Per te invece cos'è la satira?
Per me la comicità è più strutturata, ha più opportunità, quindi perché non sfruttarle?
Qual è il punto più alto del tuo lavoro? O meglio, il momento esatto per il quale dici che la vita che hai scelto -con tutti i suoi sacrifici- in qualche modo ti ripaga?
Quando sto sul palco. Quando salgo sul palco, quell'ora lì. In quel momento mi sento Dio, il Padre Eterno. Lì non ammetto contraddizioni. Fuori sono un cialtrone, peggio di tutti gli altri, ma lì sopra non ammetto repliche perché quello è il mio momento. Ho lavorato per quello e lo difendo con i denti.
Nel tuo spettacolo ad un certo punto dici “non voglio gli applausi, voglio i soldi per gli avvocati!” se tu incontrassi un mecenate che ti paga qualunque cifra, ma solo in avvocati, quanto cambierebbe il tuo approccio?
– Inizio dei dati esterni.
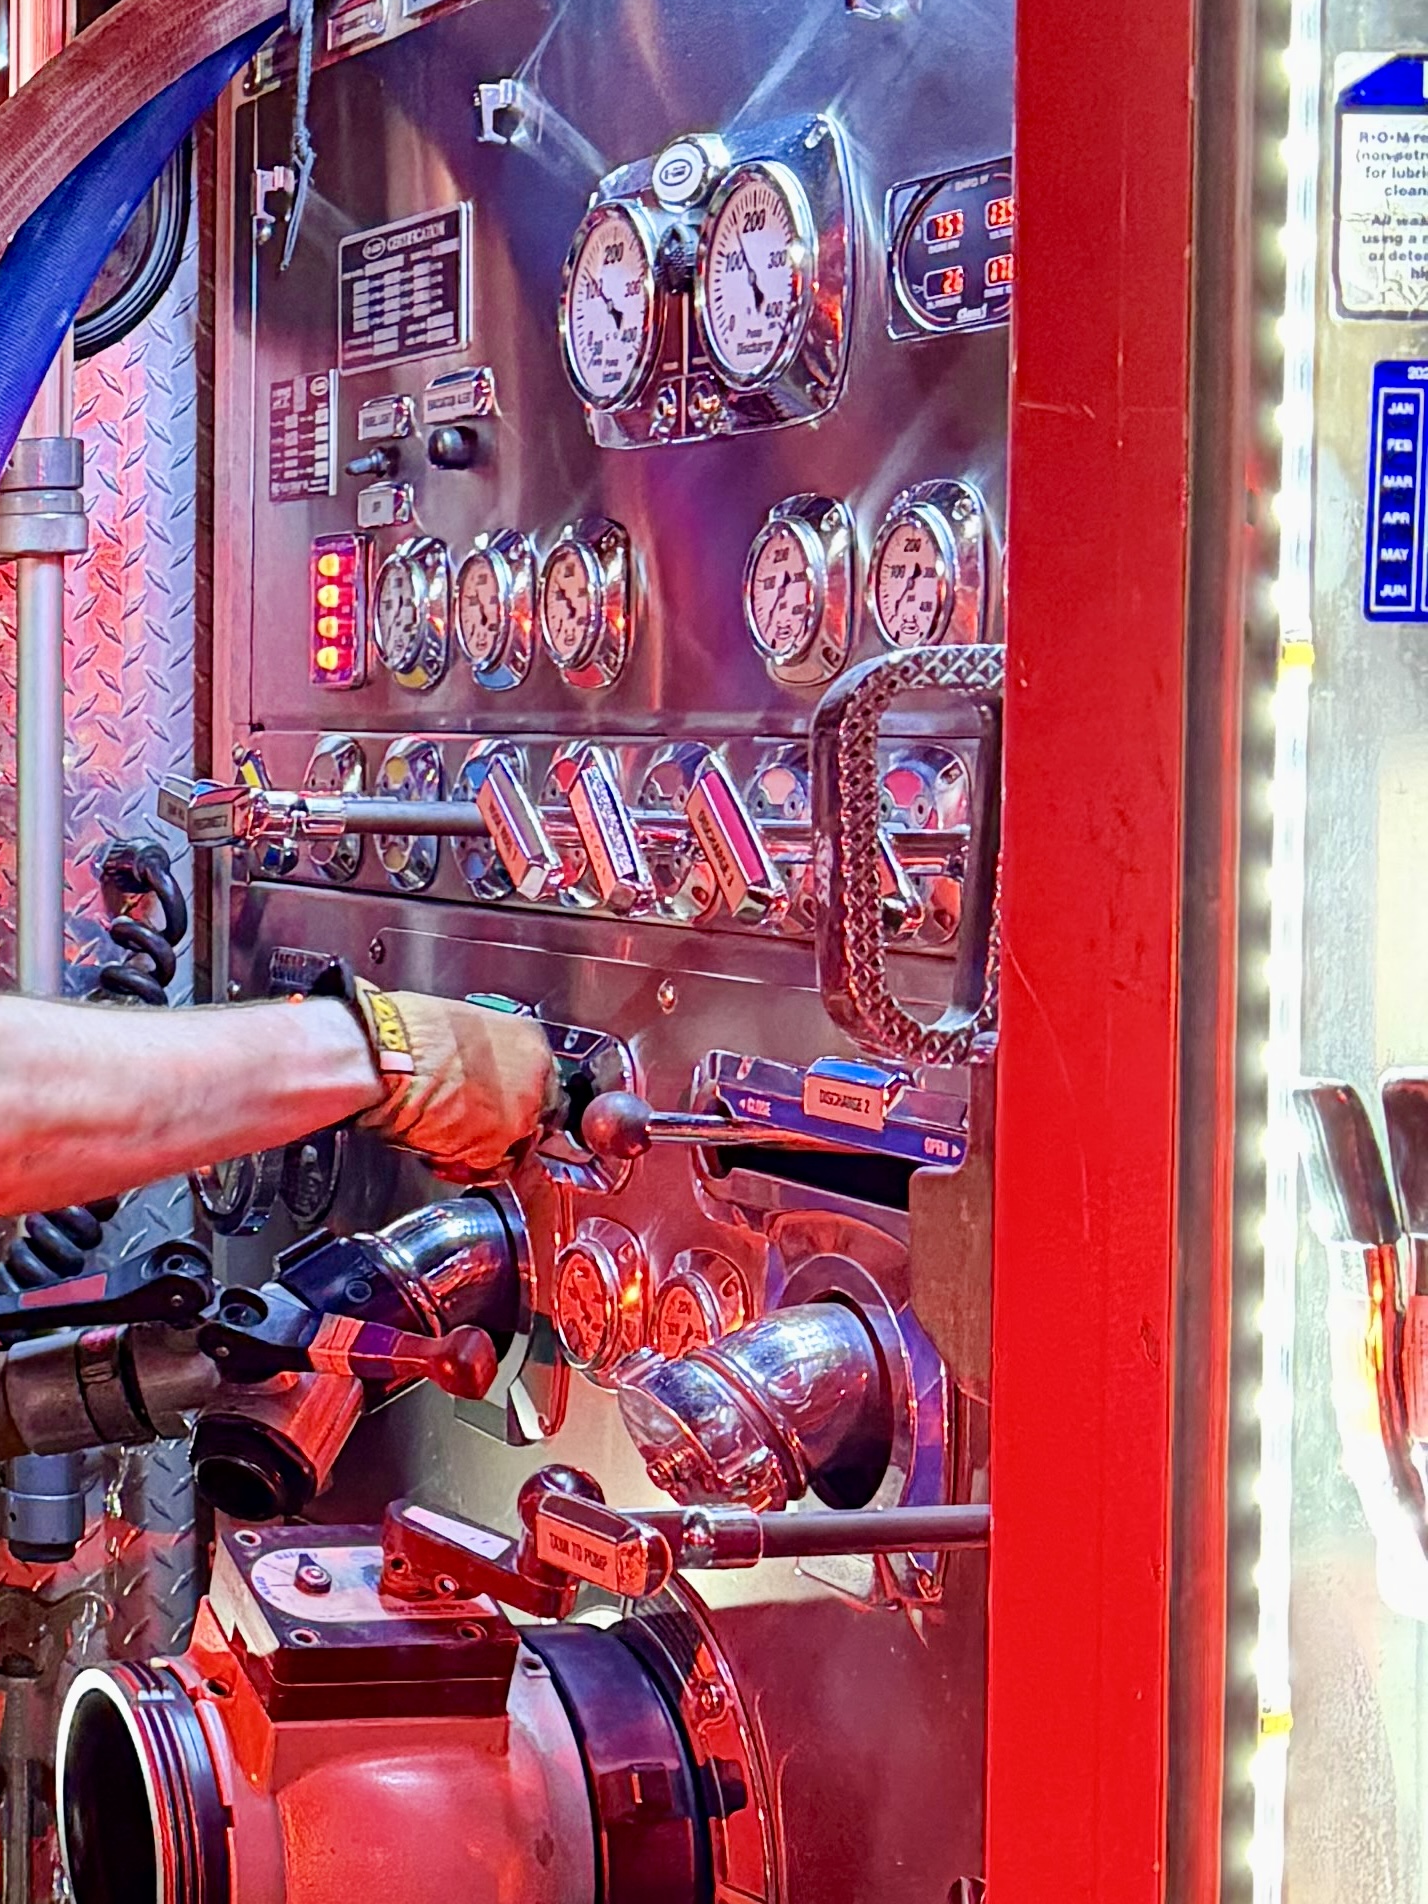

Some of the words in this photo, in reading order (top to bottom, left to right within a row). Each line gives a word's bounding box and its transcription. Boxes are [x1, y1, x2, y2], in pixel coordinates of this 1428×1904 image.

[1366, 166, 1386, 179] for
[744, 209, 766, 233] 200
[1408, 235, 1417, 244] a
[604, 242, 624, 265] 200
[768, 248, 788, 270] 300
[1387, 401, 1415, 416] JAN
[1386, 437, 1413, 452] FEB
[1382, 474, 1414, 489] MAR
[1381, 511, 1411, 525] APR
[903, 538, 922, 553] 200
[1380, 547, 1410, 561] MAY
[1379, 583, 1408, 599] JUN
Niente, non cambierebbe niente. Perché appunto la comicità è fatta di etica, non scendo a compromessi per cose stupide. Beppe Grillo fu cacciato da Fantastico '86 perché c'erano Martelli e Craxi in Cina e lui fece la battuta “in Cina sono tutti socialisti, ma allora a chi rubano?”. Battuta satirica? In realtà no, quella non lo è. Hanno fatto bene a cacciarlo, o forse magari no, ma meritava una denuncia, o quantomeno era passibile di querela. Perché lui ha fatto passare tutti i socialisti come ladri e Martelli e Craxi come ladri, ma non c'era ancora stato Mani Pulite e non si sapeva. Un comico non può diffamare attraverso la comicità. Non può calunniare. Io metto nome e cognome, ma non dico cose che non siano fatti. Altrimenti quello è populismo da bar. “I democristiani rubano tutti, i socialisti pure.” Beppe Grillo queste cose le può dire al bar, non a Fantastico '86. Io non vado sul palco per fare a gara a chi la dice più grossa, o per sorprendere il pubblico. Lo sorprendo in un altro modo, anche molto più efficace secondo me, più profondo.
Cosa fa veramente incazzare la gente? Sia riferito ai tuoi spettacoli che in un senso più ampio.
La gente stupida si incazza. Perché ognuno di noi crede in qualcosa, ma se non ci ridi sopra o se non sai ridere di te stesso, sei un cretino. Quindi uno stupido si incazza per lo spettacolo. In realtà se tutti fossero intelligenti io non camperei più! Io esisto perché esistono stupidi, bigotti e persone convenzionali, che vivono da schiavi in un sistema più grande. Quelli si incazzano! Perché sanno di essere schiavi, e se tu metti in evidenza questa cosa toccando il loro ambito, loro non lo sopportano. Perché così devono riconoscerlo, devono riconoscere che sono schiavi del cazzo. Mentre uno schiavo del cazzo come me e te, perché lo siamo tutti, deve riderci sopra. Esserne consapevole. Non è che se guadagni più soldi stai meglio, sei sempre dentro ad una macina, come tutti, e se non ci sai ridere sopra sei un uomo finito. Ma ben vengano gli stupidi.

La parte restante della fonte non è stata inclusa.